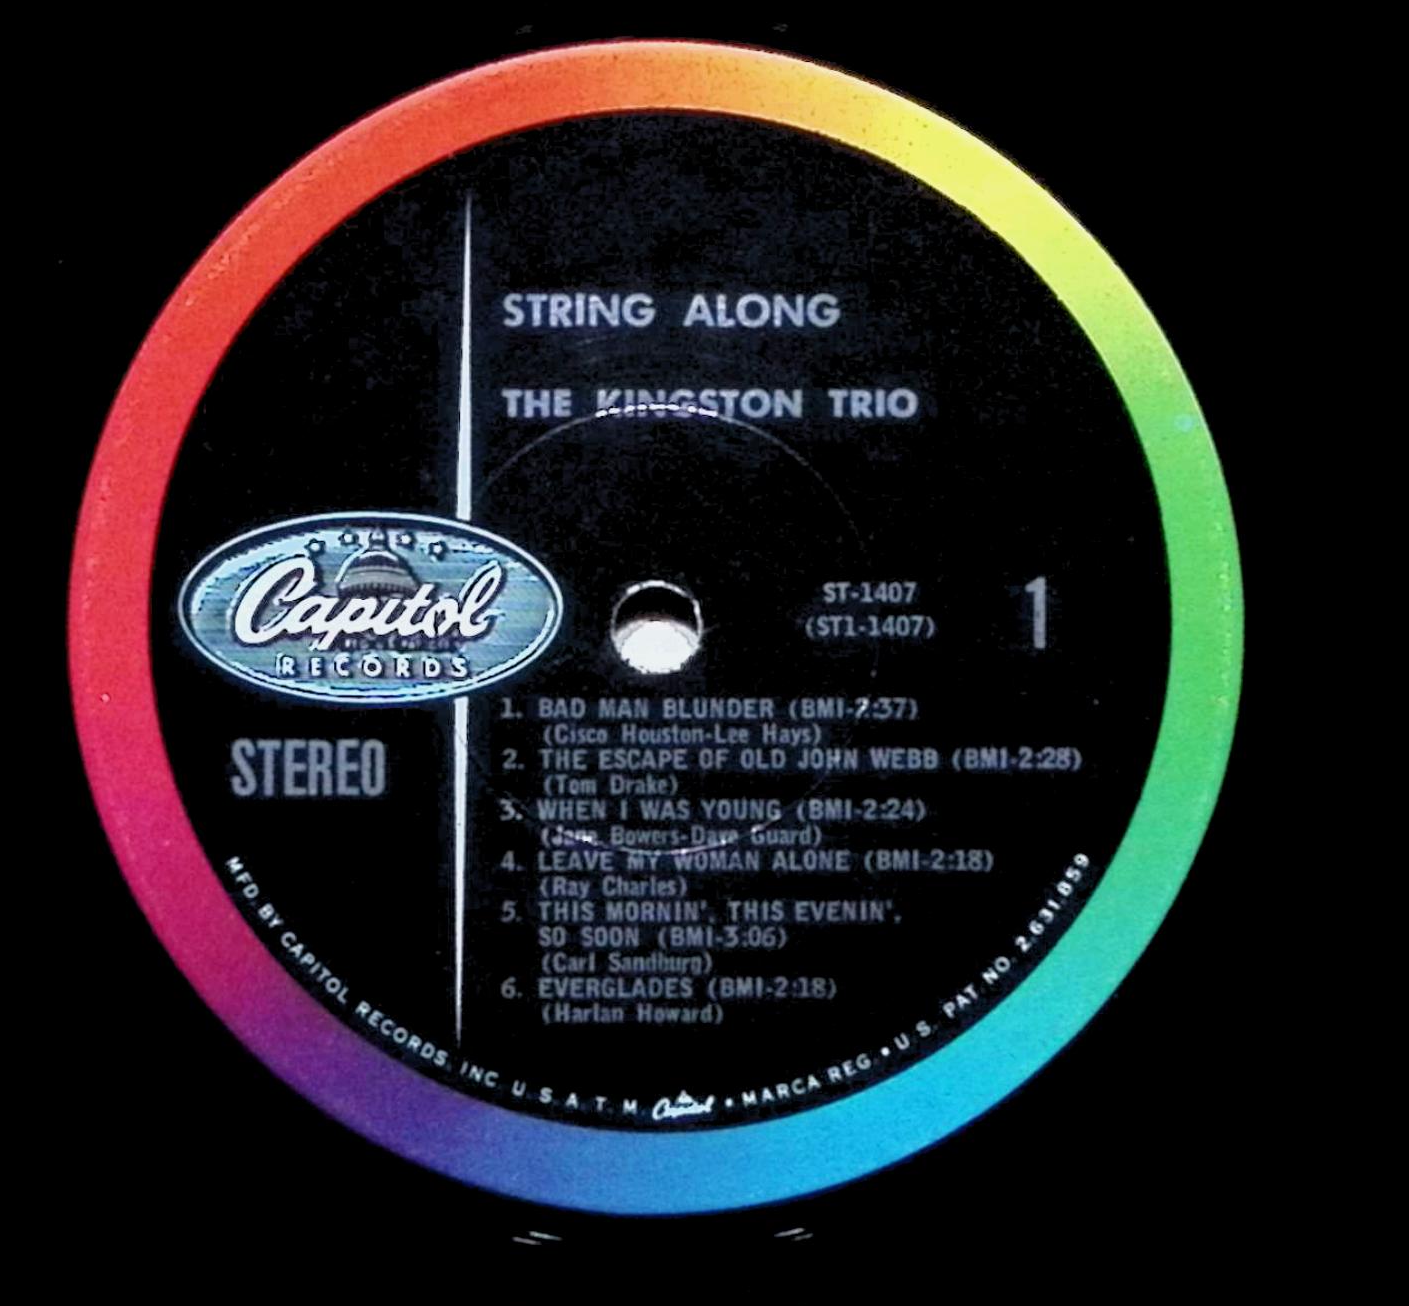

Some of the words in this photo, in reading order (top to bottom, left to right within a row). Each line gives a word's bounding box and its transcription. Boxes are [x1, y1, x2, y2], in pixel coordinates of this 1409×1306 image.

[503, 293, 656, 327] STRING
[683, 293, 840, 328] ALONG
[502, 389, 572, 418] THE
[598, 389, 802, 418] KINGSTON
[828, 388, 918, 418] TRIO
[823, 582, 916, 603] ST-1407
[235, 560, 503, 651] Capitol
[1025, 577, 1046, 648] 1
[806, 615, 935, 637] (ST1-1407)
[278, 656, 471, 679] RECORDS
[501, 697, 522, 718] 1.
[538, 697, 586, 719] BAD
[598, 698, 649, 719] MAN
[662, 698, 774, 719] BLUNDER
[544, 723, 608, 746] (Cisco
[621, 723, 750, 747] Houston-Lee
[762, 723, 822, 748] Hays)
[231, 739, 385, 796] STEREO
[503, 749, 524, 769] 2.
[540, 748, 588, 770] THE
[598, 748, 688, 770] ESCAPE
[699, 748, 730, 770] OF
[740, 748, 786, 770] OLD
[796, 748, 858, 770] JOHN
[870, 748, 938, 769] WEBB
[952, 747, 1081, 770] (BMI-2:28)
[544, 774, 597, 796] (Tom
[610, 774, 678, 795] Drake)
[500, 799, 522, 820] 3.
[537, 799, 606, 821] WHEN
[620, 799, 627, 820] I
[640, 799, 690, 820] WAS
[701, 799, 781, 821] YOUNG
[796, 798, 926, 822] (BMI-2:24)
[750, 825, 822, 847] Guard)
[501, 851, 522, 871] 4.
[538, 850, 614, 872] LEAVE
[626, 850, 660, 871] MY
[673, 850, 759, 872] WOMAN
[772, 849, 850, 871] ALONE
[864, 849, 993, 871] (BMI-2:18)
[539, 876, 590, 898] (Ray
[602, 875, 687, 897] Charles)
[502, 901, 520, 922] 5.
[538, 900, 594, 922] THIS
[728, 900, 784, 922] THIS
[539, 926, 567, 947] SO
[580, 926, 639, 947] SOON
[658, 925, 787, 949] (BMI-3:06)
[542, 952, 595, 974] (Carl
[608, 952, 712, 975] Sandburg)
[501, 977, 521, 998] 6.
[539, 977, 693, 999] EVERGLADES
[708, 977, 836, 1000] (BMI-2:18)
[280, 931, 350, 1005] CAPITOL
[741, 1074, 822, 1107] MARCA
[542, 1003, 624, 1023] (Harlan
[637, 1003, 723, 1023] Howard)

● Work to be completed:
Copy every entry above exactly as it stands, but leave the pictures out.

● Answer to the problem:
Some of the words in this photo, in reading order (top to bottom, left to right within a row). Each line gives a word's bounding box and its transcription. Boxes are [x1, y1, x2, y2], in pixel coordinates of this 1409×1306 image.

[503, 293, 656, 327] STRING
[683, 293, 840, 328] ALONG
[502, 389, 572, 418] THE
[598, 389, 802, 418] KINGSTON
[828, 388, 918, 418] TRIO
[823, 582, 916, 603] ST-1407
[235, 560, 503, 651] Capitol
[1025, 577, 1046, 648] 1
[806, 615, 935, 637] (ST1-1407)
[278, 656, 471, 679] RECORDS
[501, 697, 522, 718] 1.
[538, 697, 586, 719] BAD
[598, 698, 649, 719] MAN
[662, 698, 774, 719] BLUNDER
[544, 723, 608, 746] (Cisco
[621, 723, 750, 747] Houston-Lee
[762, 723, 822, 748] Hays)
[231, 739, 385, 796] STEREO
[503, 749, 524, 769] 2.
[540, 748, 588, 770] THE
[598, 748, 688, 770] ESCAPE
[699, 748, 730, 770] OF
[740, 748, 786, 770] OLD
[796, 748, 858, 770] JOHN
[870, 748, 938, 769] WEBB
[952, 747, 1081, 770] (BMI-2:28)
[544, 774, 597, 796] (Tom
[610, 774, 678, 795] Drake)
[500, 799, 522, 820] 3.
[537, 799, 606, 821] WHEN
[620, 799, 627, 820] I
[640, 799, 690, 820] WAS
[701, 799, 781, 821] YOUNG
[796, 798, 926, 822] (BMI-2:24)
[750, 825, 822, 847] Guard)
[501, 851, 522, 871] 4.
[538, 850, 614, 872] LEAVE
[626, 850, 660, 871] MY
[673, 850, 759, 872] WOMAN
[772, 849, 850, 871] ALONE
[864, 849, 993, 871] (BMI-2:18)
[539, 876, 590, 898] (Ray
[602, 875, 687, 897] Charles)
[502, 901, 520, 922] 5.
[538, 900, 594, 922] THIS
[728, 900, 784, 922] THIS
[539, 926, 567, 947] SO
[580, 926, 639, 947] SOON
[658, 925, 787, 949] (BMI-3:06)
[542, 952, 595, 974] (Carl
[608, 952, 712, 975] Sandburg)
[501, 977, 521, 998] 6.
[539, 977, 693, 999] EVERGLADES
[708, 977, 836, 1000] (BMI-2:18)
[280, 931, 350, 1005] CAPITOL
[741, 1074, 822, 1107] MARCA
[542, 1003, 624, 1023] (Harlan
[637, 1003, 723, 1023] Howard)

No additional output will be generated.